TASK DETAILS:
Below are records to repeat exactly. Omit the pictures from the copy.

(TASK INPUTS Opens)

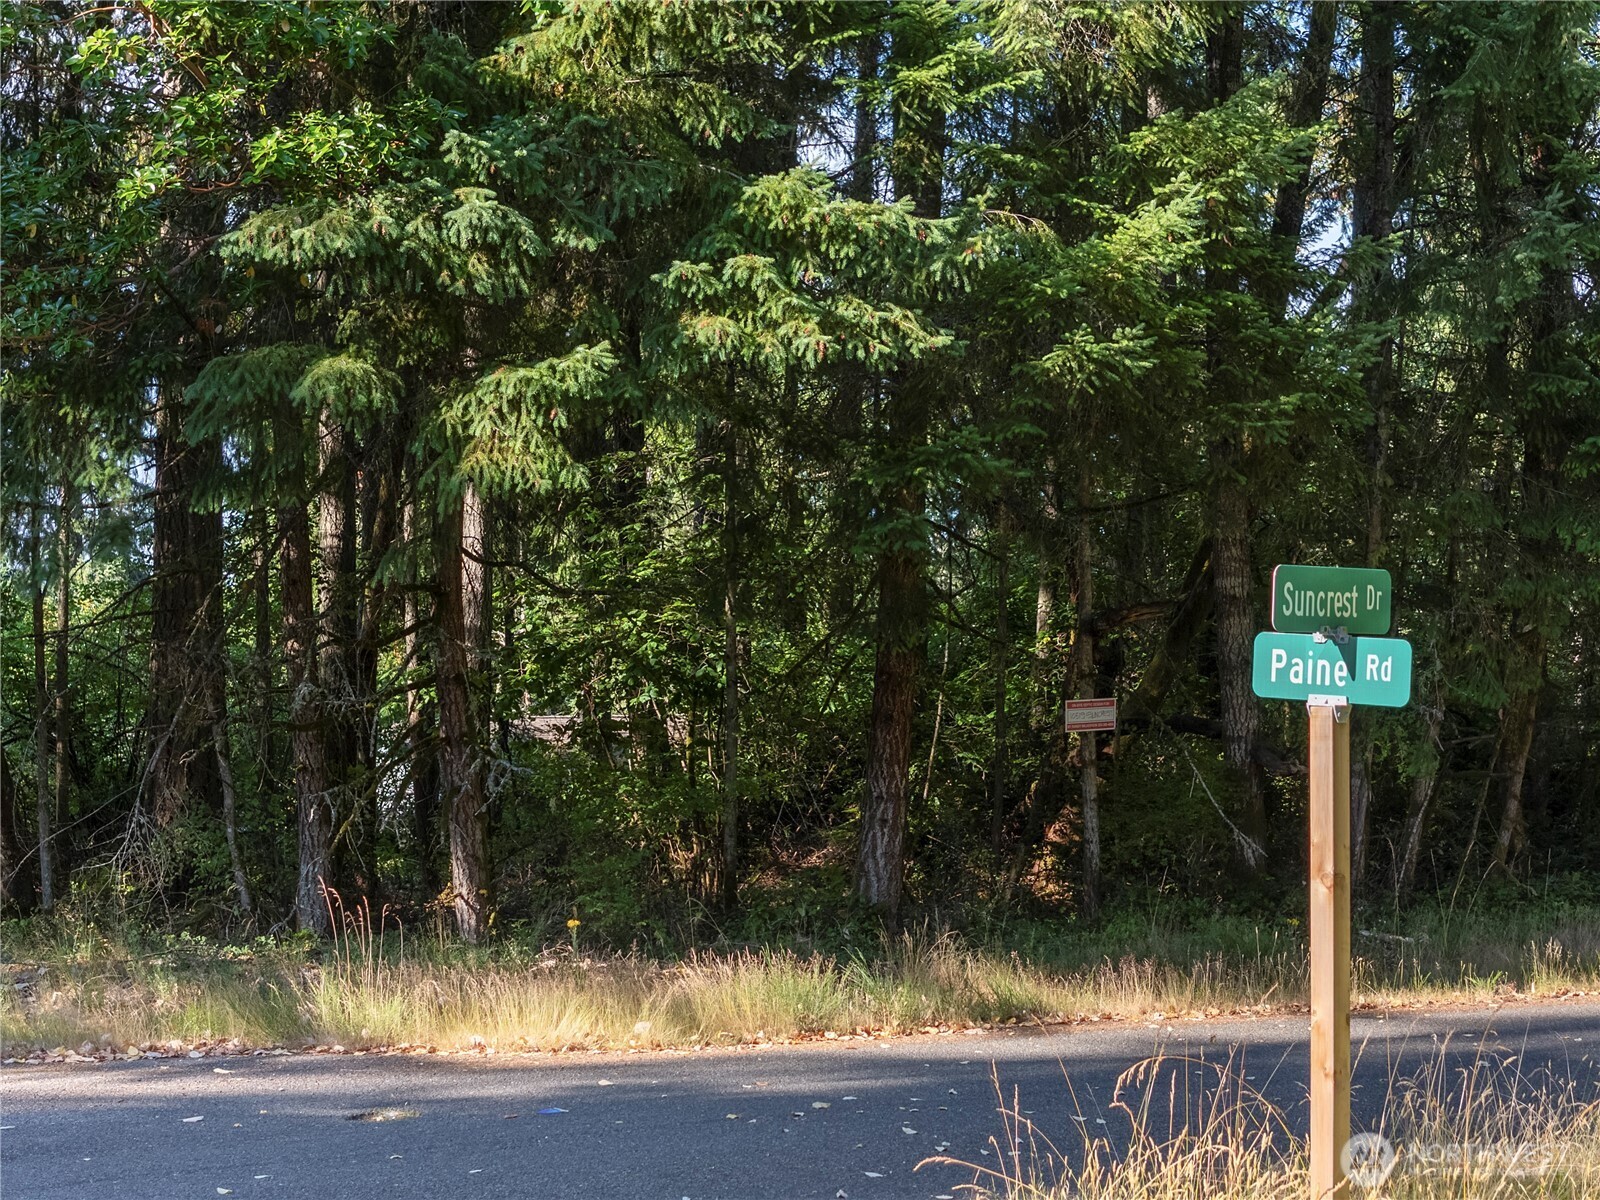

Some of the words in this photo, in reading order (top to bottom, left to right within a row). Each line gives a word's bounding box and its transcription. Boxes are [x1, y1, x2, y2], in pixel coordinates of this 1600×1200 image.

[1282, 582, 1358, 618] Suncrest
[1366, 585, 1382, 610] Dr
[1271, 648, 1347, 687] Paine
[1366, 654, 1393, 682] Rd
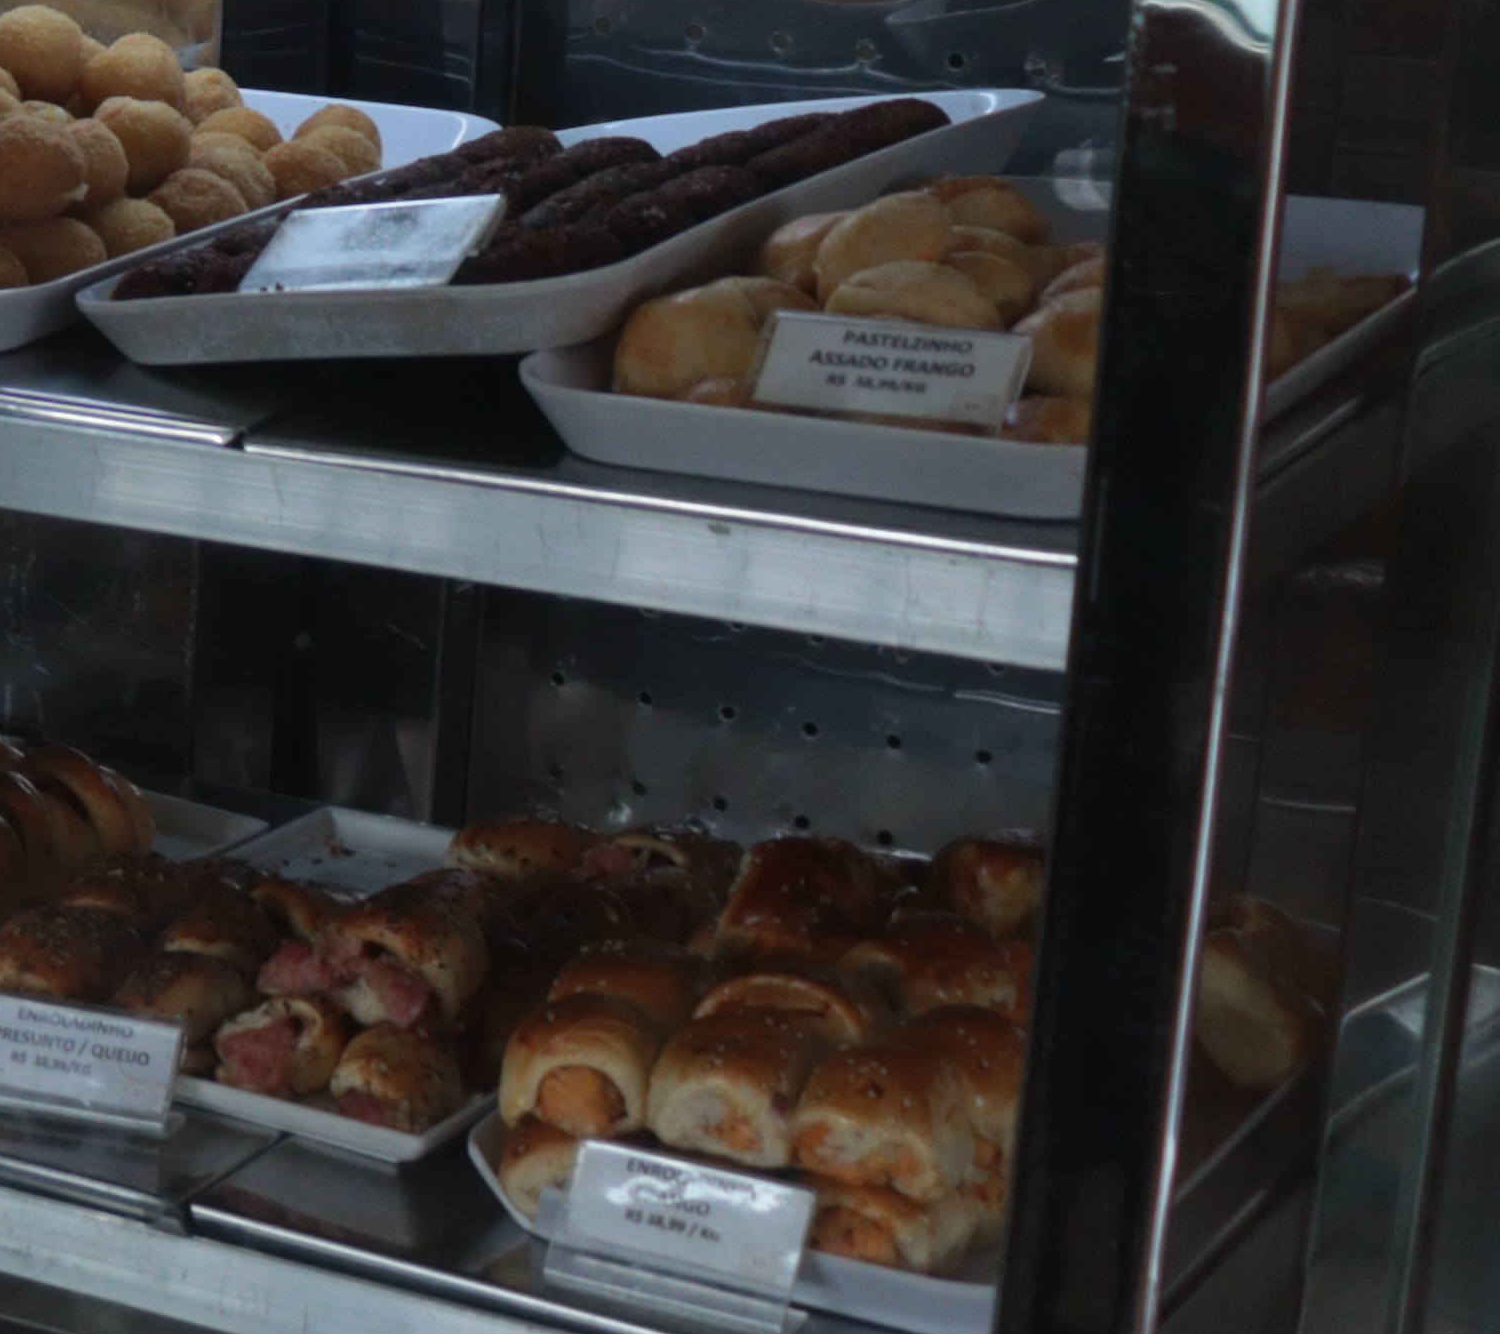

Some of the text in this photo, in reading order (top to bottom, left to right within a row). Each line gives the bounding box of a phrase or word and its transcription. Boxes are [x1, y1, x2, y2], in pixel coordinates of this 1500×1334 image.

[844, 331, 973, 354] PASTELZINHO
[810, 351, 976, 378] ASSADO FRANGO
[827, 373, 846, 386] R$
[19, 1007, 134, 1040] ENROLADINHO
[12, 1052, 26, 1064] R$
[79, 1041, 88, 1056] /
[92, 1044, 150, 1067] QUEIJO
[626, 1209, 642, 1222] R$
[649, 1213, 685, 1232] 38,99
[701, 1227, 720, 1242] KG
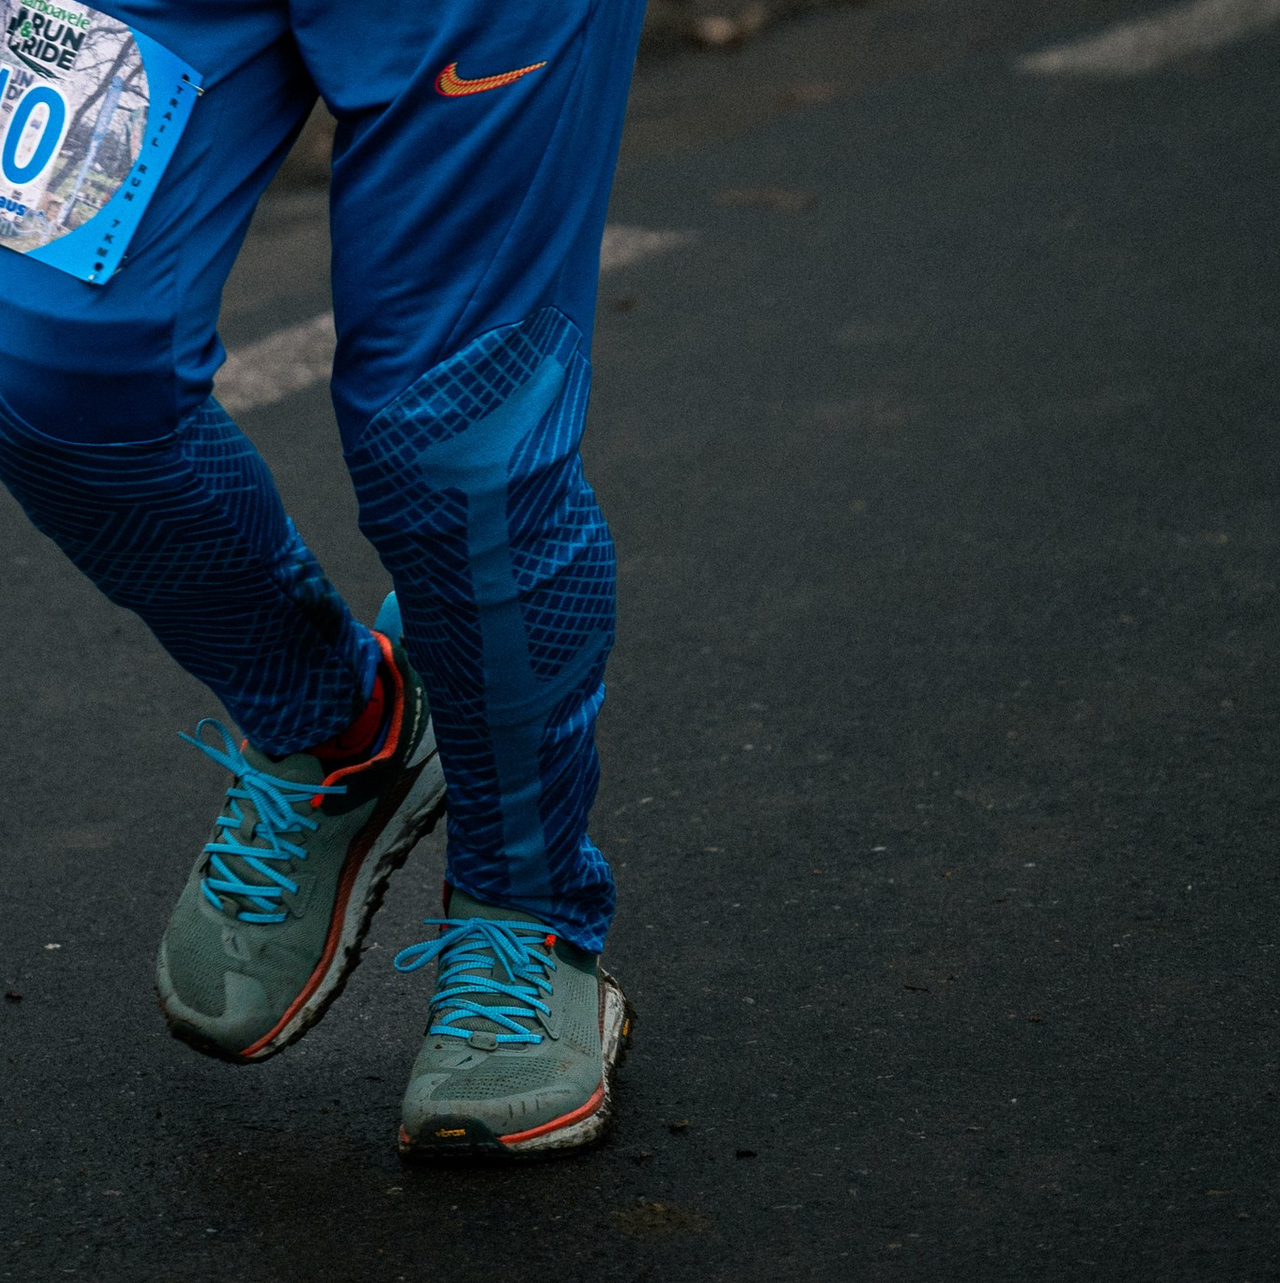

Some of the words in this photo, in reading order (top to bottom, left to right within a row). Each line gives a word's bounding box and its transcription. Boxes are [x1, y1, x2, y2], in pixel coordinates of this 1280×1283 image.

[19, 19, 33, 39] &
[32, 12, 86, 52] RUN
[20, 35, 77, 71] RIDE
[151, 85, 184, 147] TRAIL
[123, 163, 148, 202] RUN
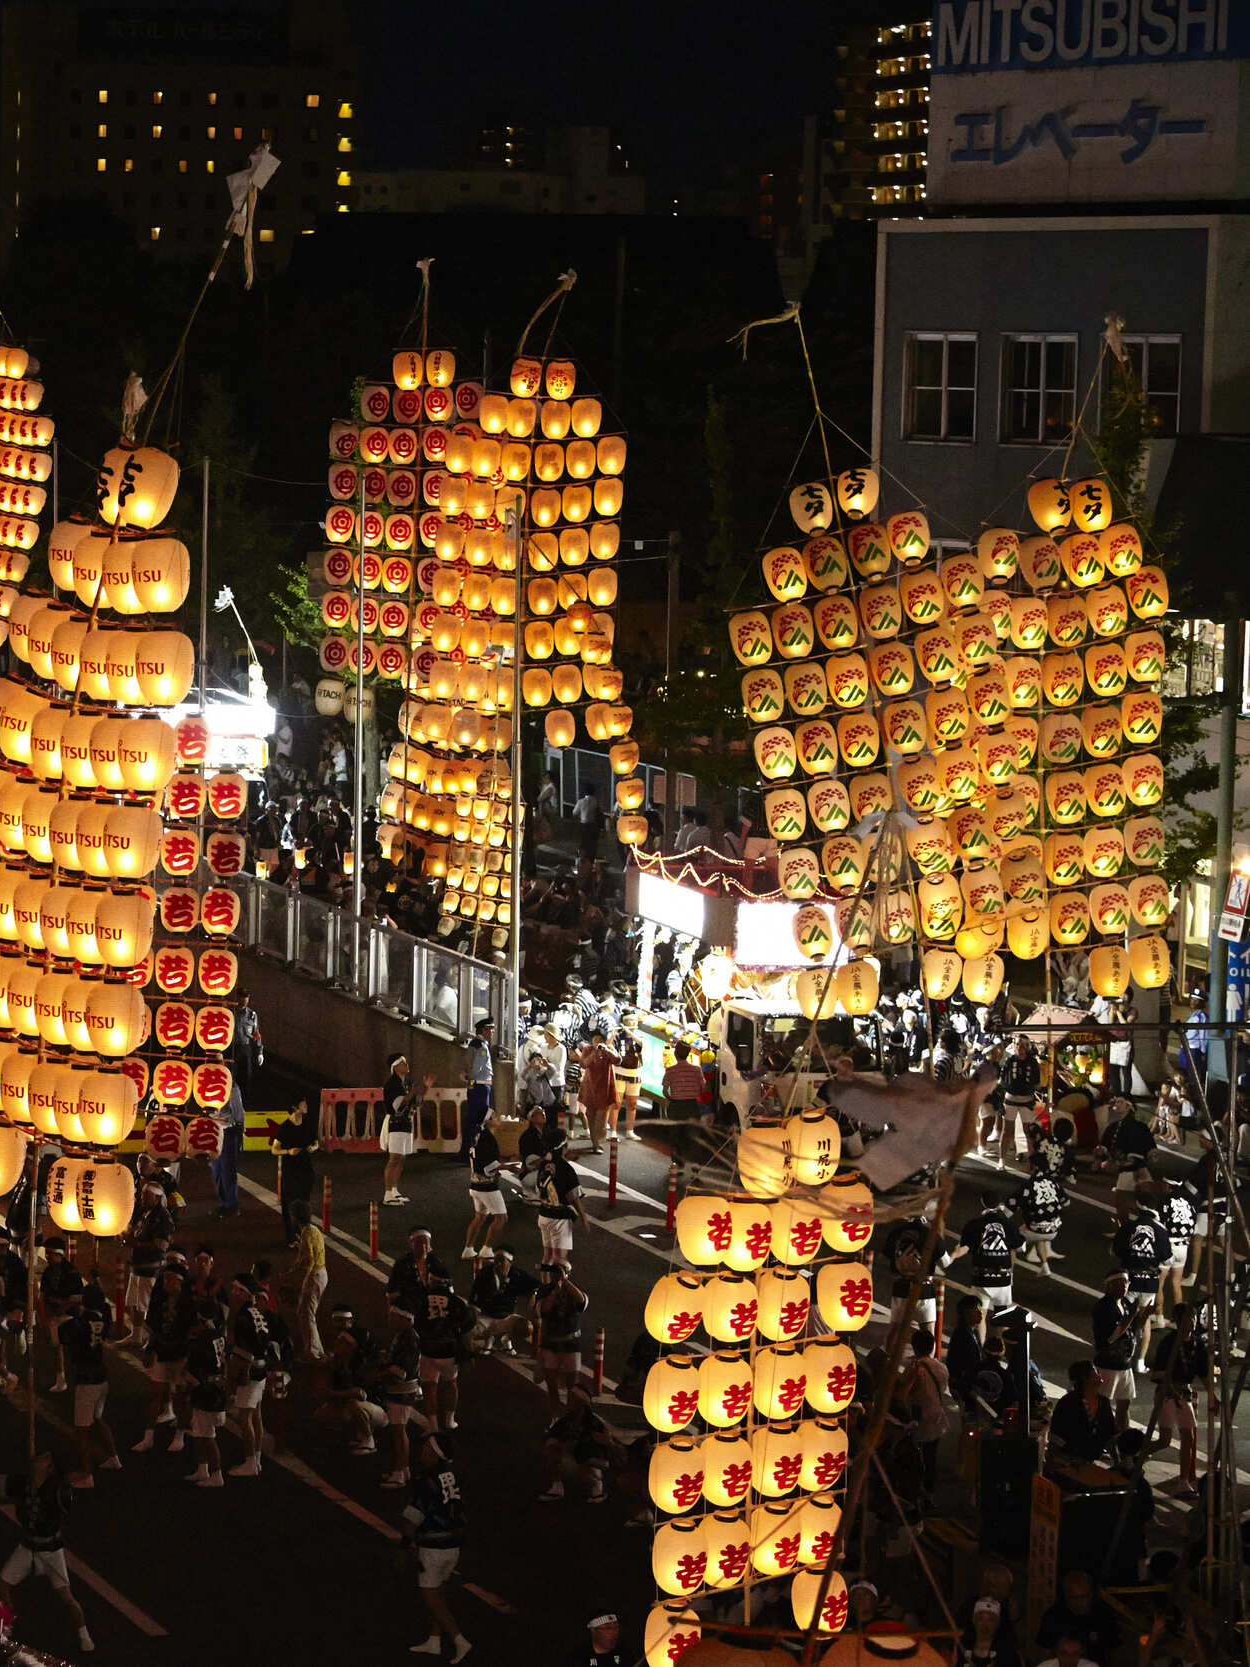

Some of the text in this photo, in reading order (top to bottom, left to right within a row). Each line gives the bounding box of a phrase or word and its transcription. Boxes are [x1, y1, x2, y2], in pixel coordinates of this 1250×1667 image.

(TASK INPUTS Closes)

TASK RESPONSE:
Some of the words in this photo, in reading order (top to bottom, left to right within a row). Each line gives a word's bounding box and its transcription. Boxes are [x1, y1, x2, y2], in pixel coordinates of this 1600×1200 image.

[1282, 582, 1358, 618] Suncrest
[1366, 585, 1382, 610] Dr
[1271, 648, 1347, 687] Paine
[1366, 654, 1393, 682] Rd

Some of the text in this photo, in reading order (top to bottom, left to right within a row). Each line gives the bounding box of a phrase or word and its transcription. Boxes are [x1, y1, x2, y2], in pixel coordinates of this 1500×1334 image.

[844, 331, 973, 354] PASTELZINHO
[810, 351, 976, 378] ASSADO FRANGO
[827, 373, 846, 386] R$
[19, 1007, 134, 1040] ENROLADINHO
[12, 1052, 26, 1064] R$
[79, 1041, 88, 1056] /
[92, 1044, 150, 1067] QUEIJO
[626, 1209, 642, 1222] R$
[649, 1213, 685, 1232] 38,99
[701, 1227, 720, 1242] KG

Some of the words in this photo, in reading order (top to bottom, left to right within a row). Each line gives a word's bounding box and its transcription. Boxes are [x1, y1, x2, y2], in pixel coordinates of this 1280×1283 image.

[19, 19, 33, 39] &
[32, 12, 86, 52] RUN
[20, 35, 77, 71] RIDE
[151, 85, 184, 147] TRAIL
[123, 163, 148, 202] RUN

Some of the text in this photo, in reading order (top to bottom, left to right within a row). Each line gives the bounding box of a phrase or word and its transcription. Boxes are [x1, y1, x2, y2], in pixel coordinates of this 1250×1667 image.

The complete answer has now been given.